**Work to complete**
Please repeat the data exactly. Any picture in it stays out.

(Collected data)
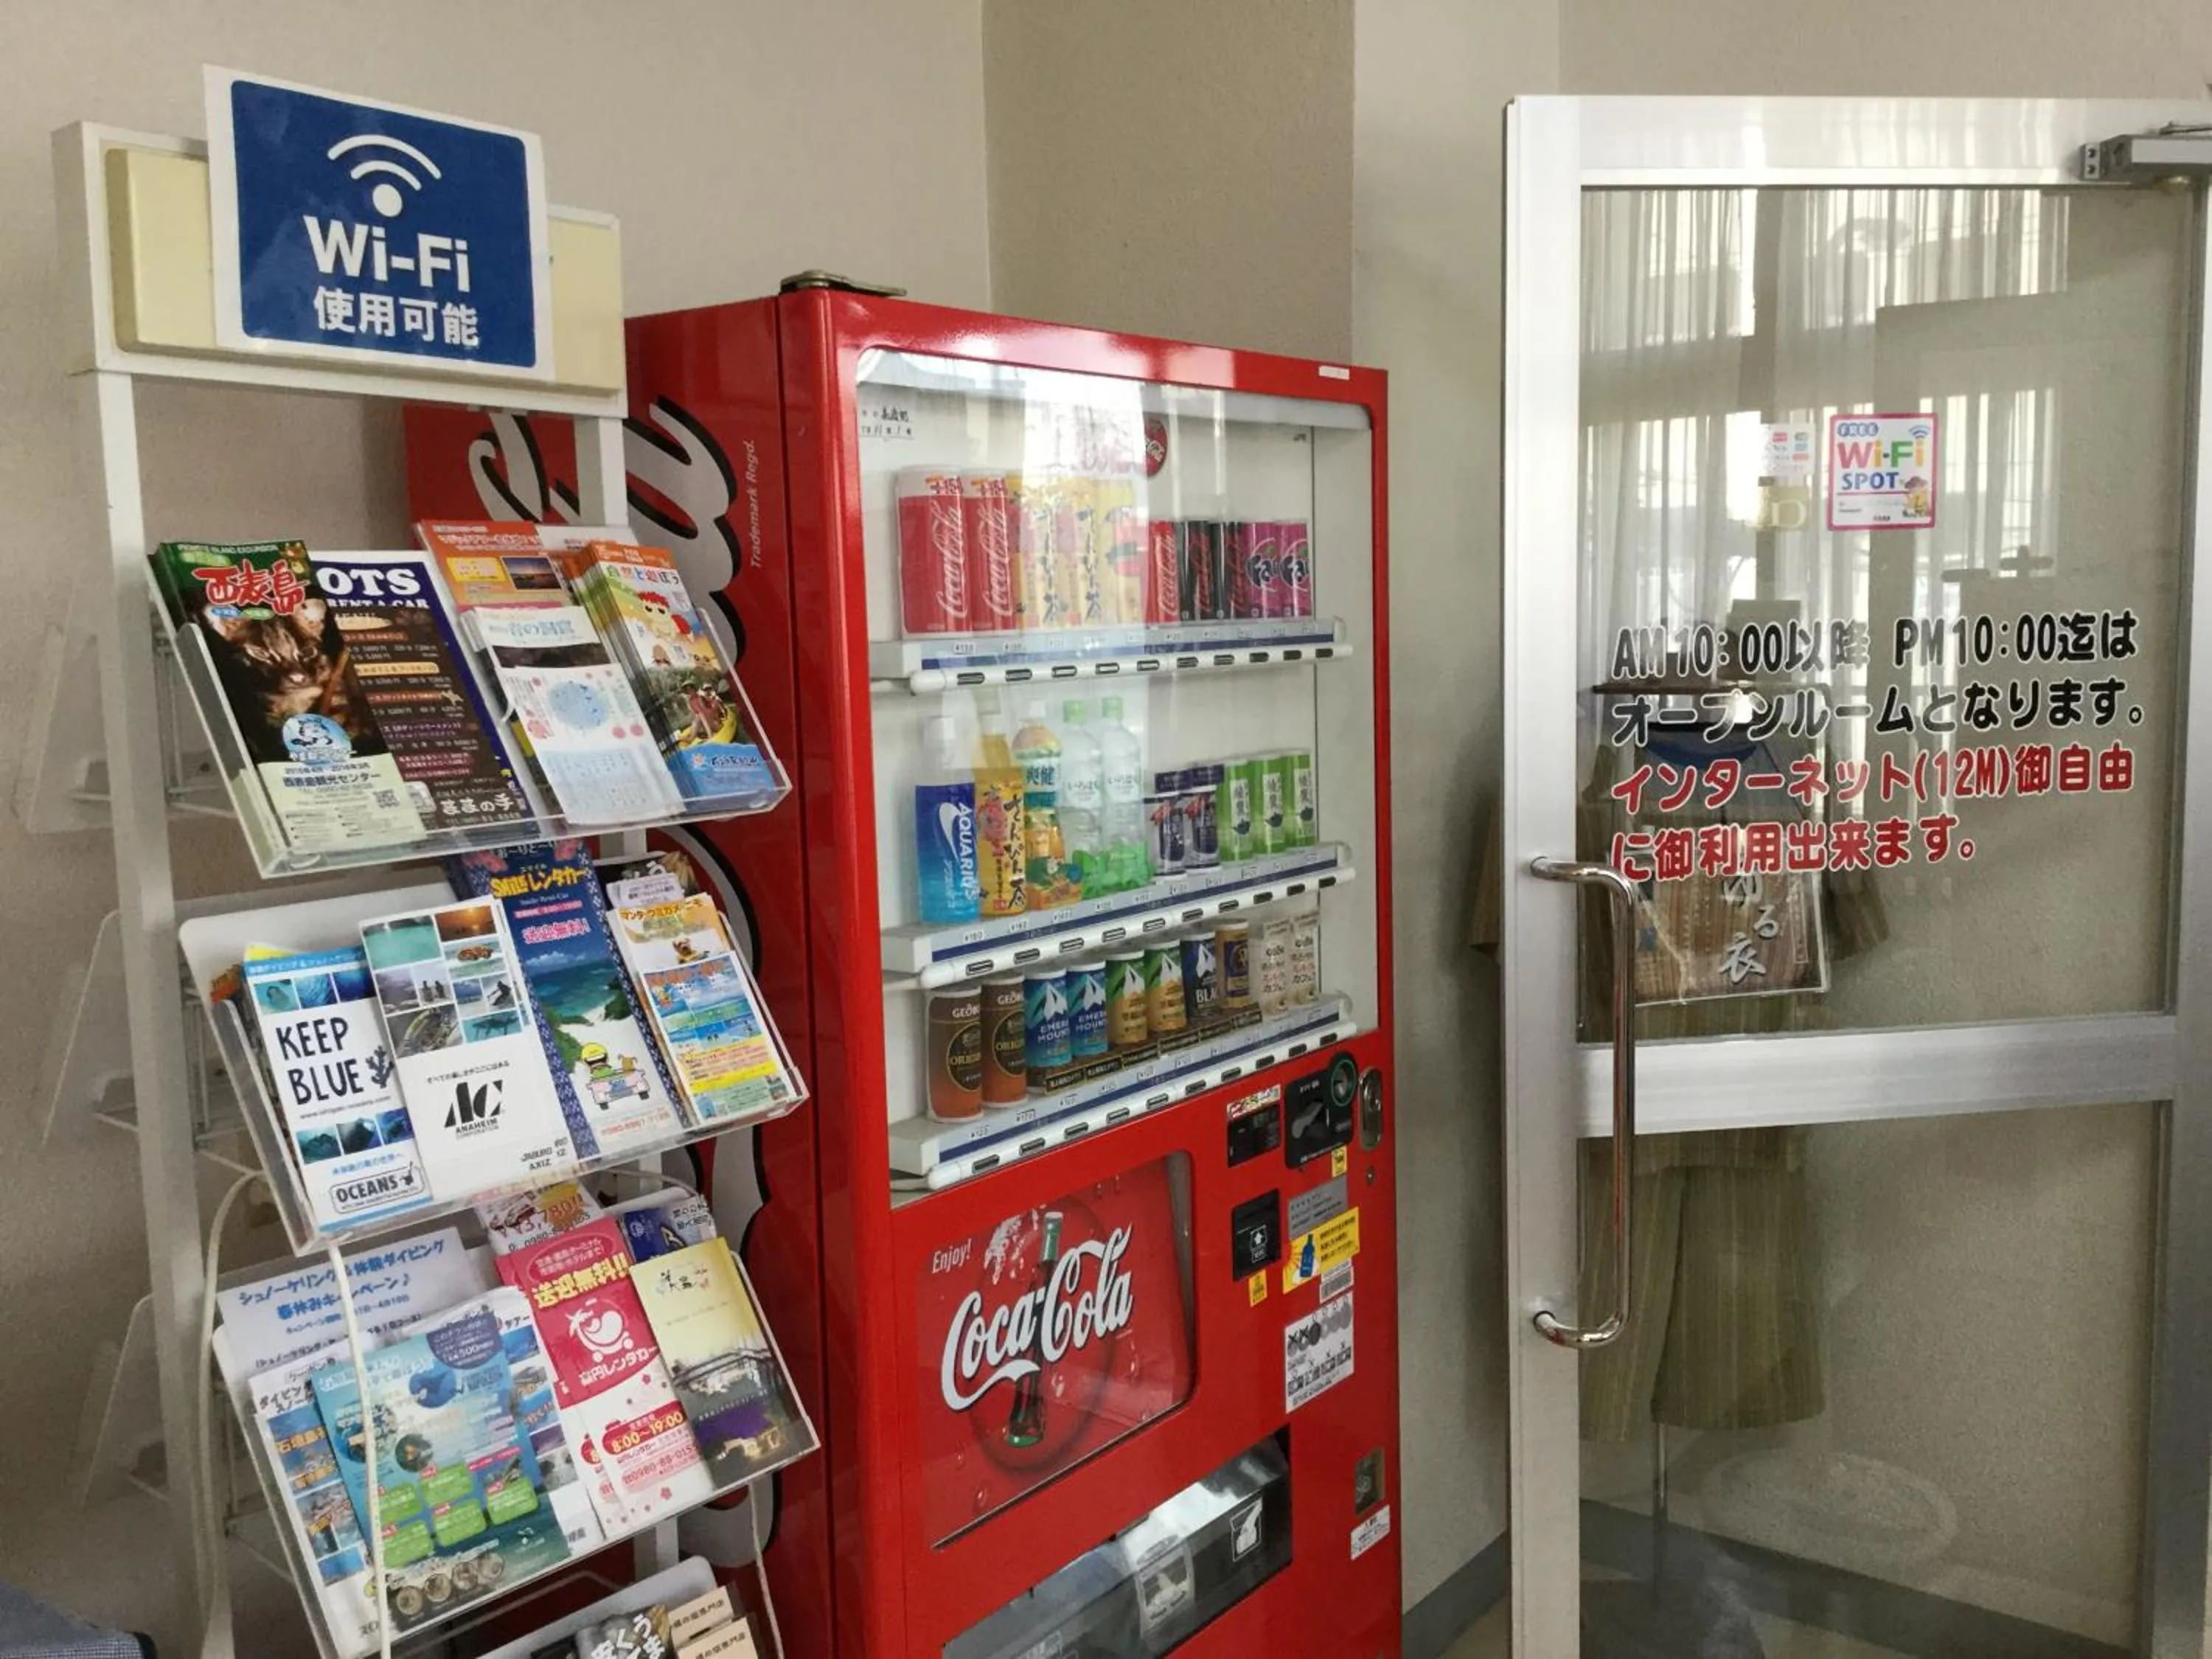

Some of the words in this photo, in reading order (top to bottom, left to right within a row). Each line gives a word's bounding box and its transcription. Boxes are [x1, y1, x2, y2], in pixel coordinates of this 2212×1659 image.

[302, 215, 470, 293] Wi-Fi
[313, 286, 480, 347] 使用可能
[1837, 422, 1878, 437] FREE
[1843, 472, 1899, 490] SPOT
[747, 487, 761, 567] Trademark
[192, 558, 312, 615] 西表島
[316, 567, 421, 596] OTS
[1612, 678, 2145, 747] オープンルームとなります。
[1612, 740, 2135, 815] インターネット(12M)御自由
[958, 802, 979, 902] AQUARIUS
[1612, 813, 1975, 882] に御利用出来ます。
[276, 1017, 349, 1061] KEEP
[288, 1058, 365, 1105] BLUE
[336, 1175, 398, 1203] OCEANS
[932, 1238, 972, 1274] Enjoy!
[941, 1222, 1133, 1411] Coca-Cola
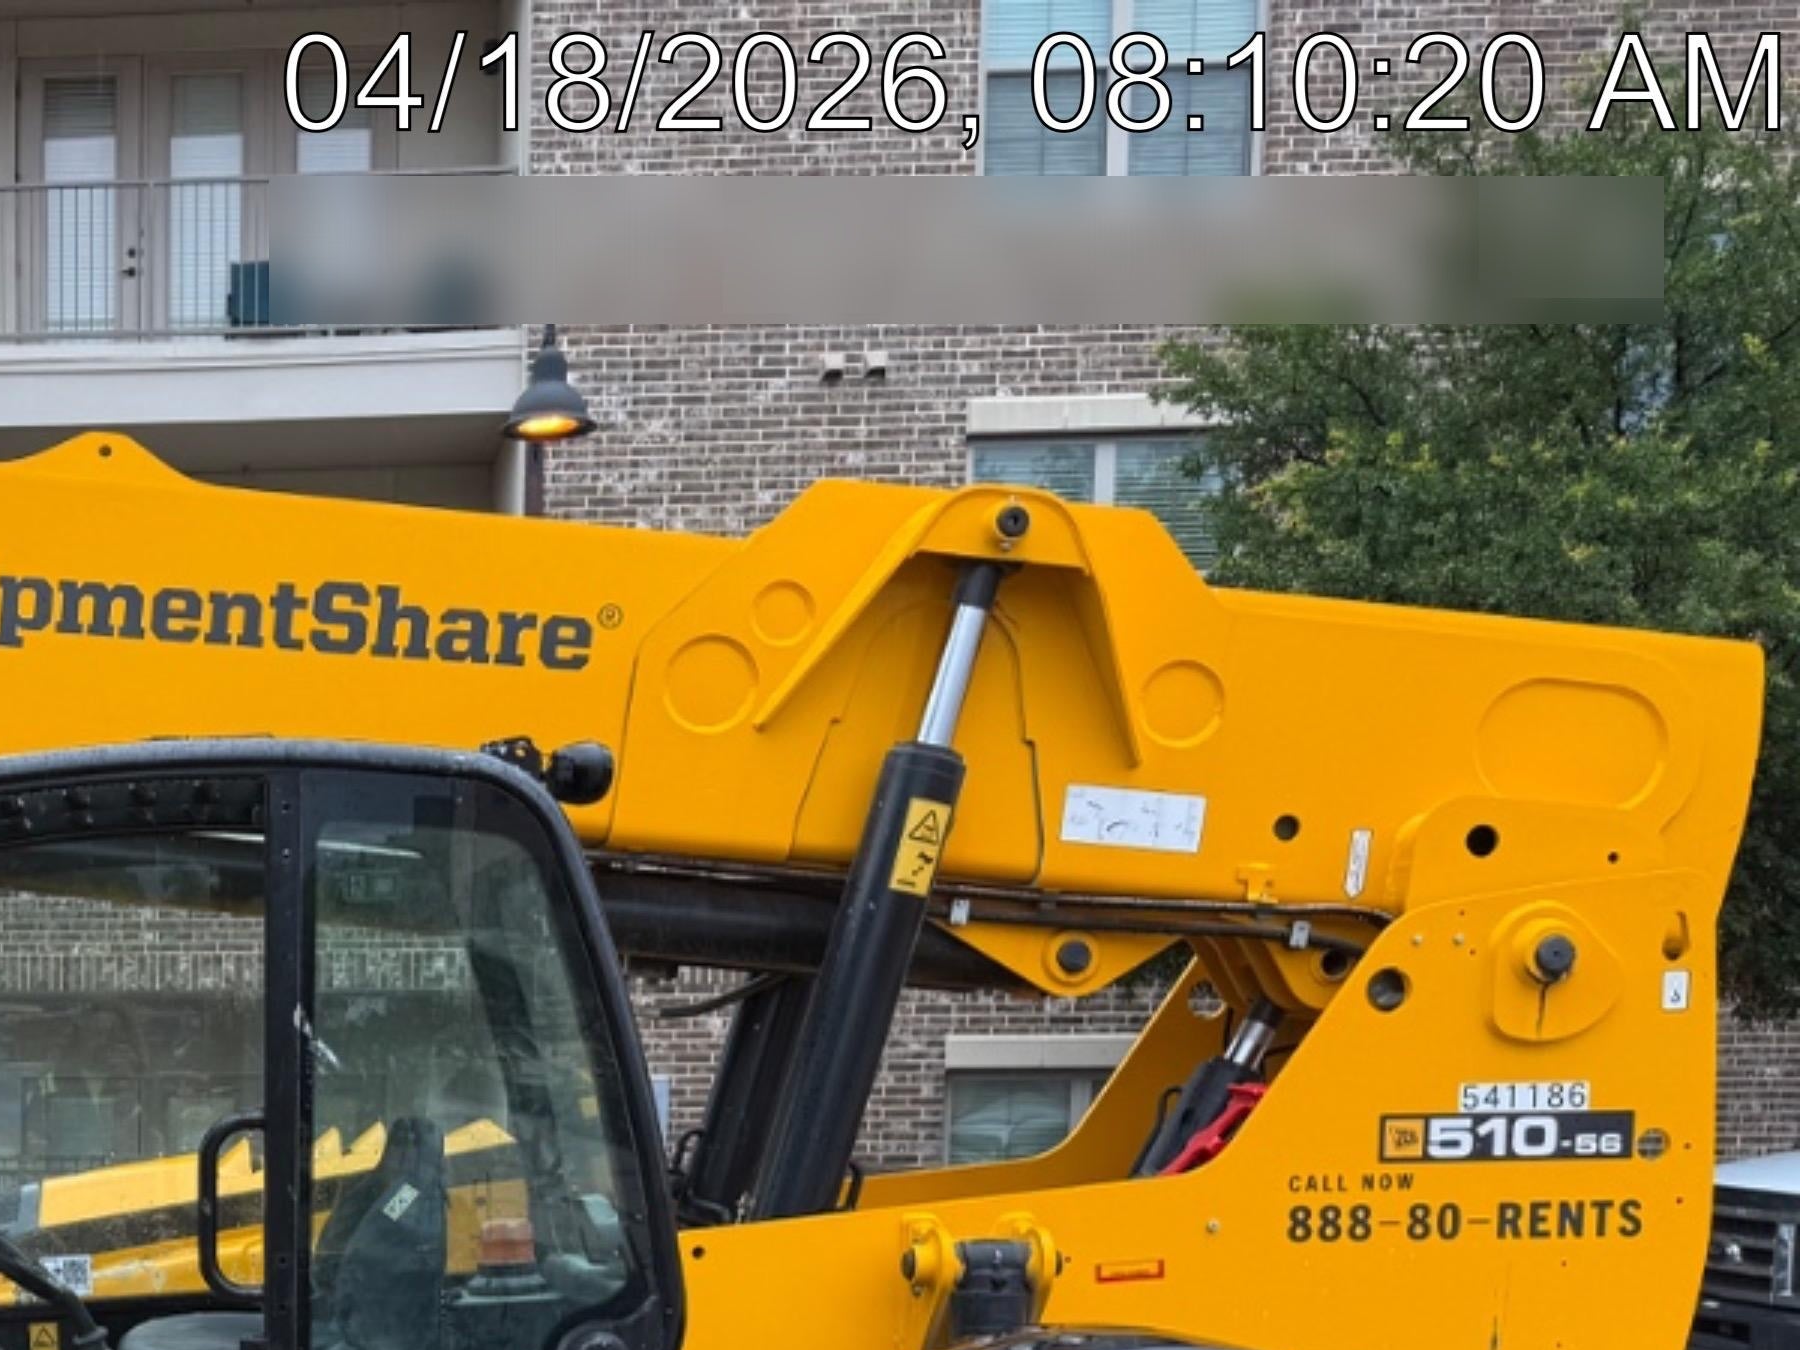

**Your solution**
Some of the words in this photo, in reading order (top to bottom, left to right within a row). Each line gives a word's bounding box and its transcription. Boxes are [x1, y1, x2, y2], in pixel coordinates of this 2212×1659 image.

[302, 215, 470, 293] Wi-Fi
[313, 286, 480, 347] 使用可能
[1837, 422, 1878, 437] FREE
[1843, 472, 1899, 490] SPOT
[747, 487, 761, 567] Trademark
[192, 558, 312, 615] 西表島
[316, 567, 421, 596] OTS
[1612, 678, 2145, 747] オープンルームとなります。
[1612, 740, 2135, 815] インターネット(12M)御自由
[958, 802, 979, 902] AQUARIUS
[1612, 813, 1975, 882] に御利用出来ます。
[276, 1017, 349, 1061] KEEP
[288, 1058, 365, 1105] BLUE
[336, 1175, 398, 1203] OCEANS
[932, 1238, 972, 1274] Enjoy!
[941, 1222, 1133, 1411] Coca-Cola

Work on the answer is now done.